Harris had ook enkele progressieven kunnen terugwinnen door een deel van haar rechtse retoriek terug te trekken en haar houding ten aanzien van het Amerikaanse buitenlandbeleid en meer specifiek, Israël, te veranderen.
Net als haar running mate, Tim Waltz, staat Harris volledig aan de kant van Israël. Ze heeft geweigerd zich te distantiëren van de compliciteit van de regering van president Joe Biden in de Israëlische militarisme, bezetting en terreur. Deze compliciteit is alleen maar toegenomen in de afgelopen weken, terwijl het Witte Huis, waarvan zij deel uitmaakt, toezicht houdt op het “Algemene Plan” van Israël om noord-Gaza etnisch te reinigen door middel van bombardementen, honger en uitzetting van burgers. Biden’s laatste poging om een kortetermijnbestand en de vrijlating van Israëlisch-Amerikaanse gijzelaars te bepleiten, zou de perceptie van kiezers over waar Harris staat niet veranderen.

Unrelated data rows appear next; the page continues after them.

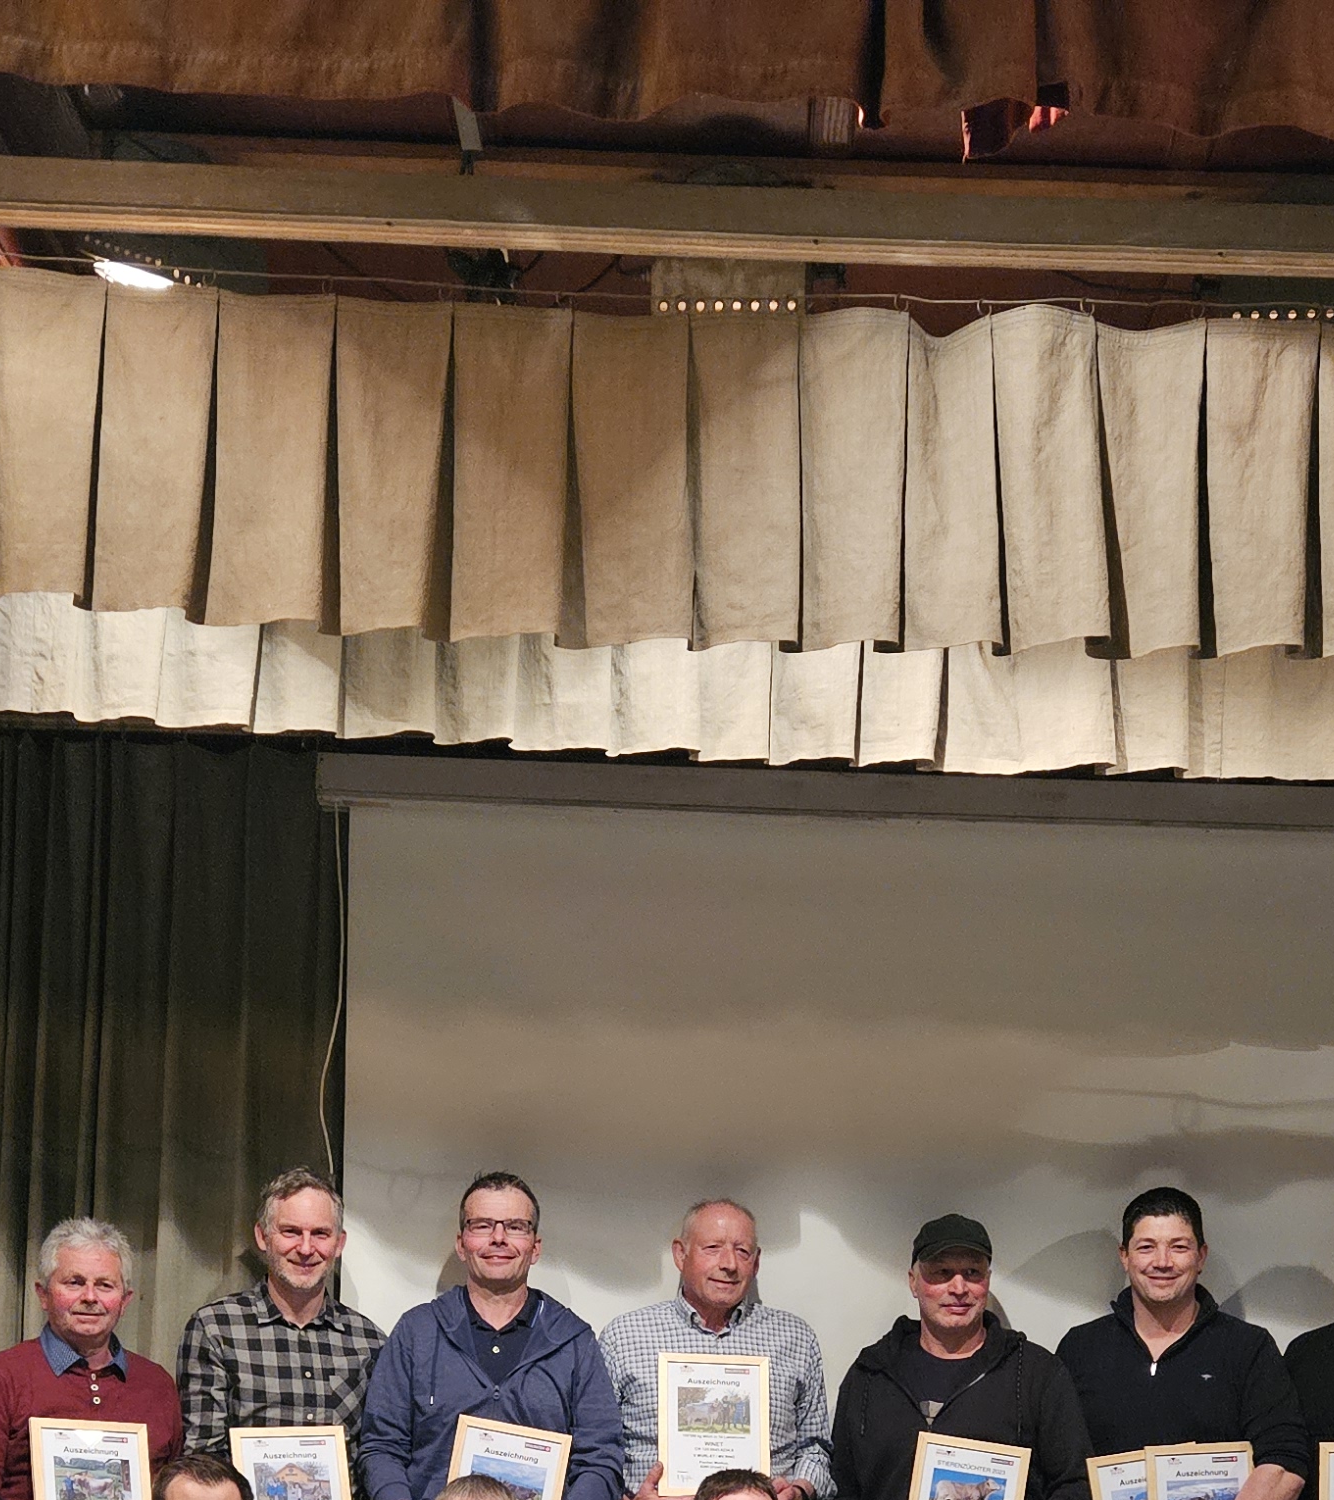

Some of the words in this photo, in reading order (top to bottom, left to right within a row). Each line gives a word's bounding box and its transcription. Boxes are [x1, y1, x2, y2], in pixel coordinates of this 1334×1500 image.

[687, 1378, 740, 1386] Auszeichnung
[63, 1446, 119, 1456] Auszeichnung
[484, 1447, 539, 1464] Auszeichnung
[937, 1460, 991, 1473] STIERENZÜCHTER
[1176, 1469, 1229, 1477] Auszeichnung

Deze agressieve houding heeft vooral Arabische en moslim-Amerikanen vervreemd. Laatstgenoemden vormden in 2022 minder dan 1,5 procent van de geregistreerde kiezers, maar hun verspreiding geeft hen onevenredige macht, wat ze al hebben aangetoond met de ongebonden beweging die ze leidde tijdens de Democratische voorverkiezingen.
Zoals gebruikelijk behandelt de Amerikaanse duopolie kiezers met een keuze tussen slecht en erger. Maar alleen maar de minder slechte optie zijn is niet genoeg voor Harris om te winnen.

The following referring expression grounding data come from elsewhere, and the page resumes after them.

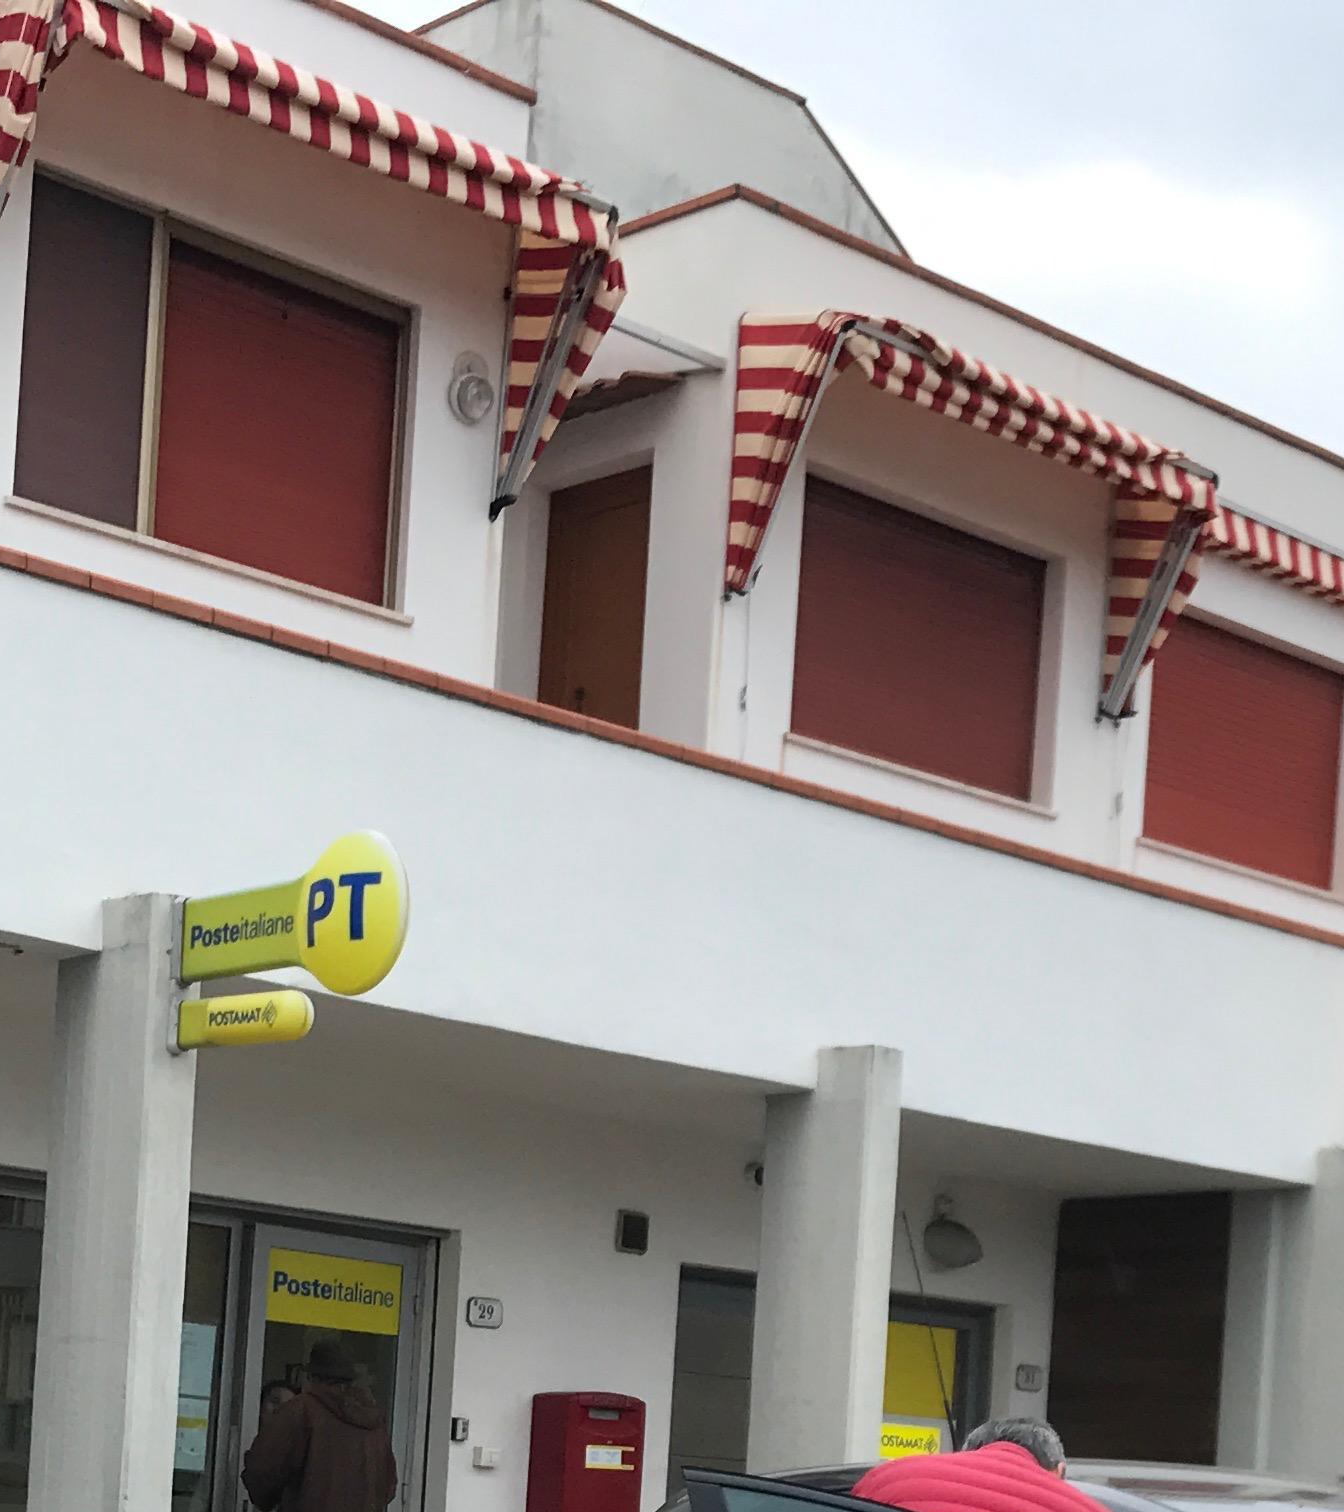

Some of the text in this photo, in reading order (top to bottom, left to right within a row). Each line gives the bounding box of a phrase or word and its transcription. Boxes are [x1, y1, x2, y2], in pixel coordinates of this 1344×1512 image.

[307, 872, 382, 948] PT
[190, 913, 295, 950] Posteitaliane
[209, 1009, 261, 1027] POSTAMAT
[272, 1270, 395, 1308] Posteitaliane
[478, 1303, 494, 1320] 29
[881, 1434, 924, 1451] OSTAMAT

Toch, terwijl november nadert, achtervolgt ze kiezers die haar niet willen en schuwt ze degenen die ze het meest nodig heeft. Het zijn niet alleen Arabieren en moslims. Scores van kiezers uit verschillende demografische groepen zijn verontwaardigd over de genocide in Gaza en verlangen naar meer progressieve politiek. Harris heeft niet de intentie om die beleidsmaatregelen te leveren en kan electorale gevolgen ondervinden.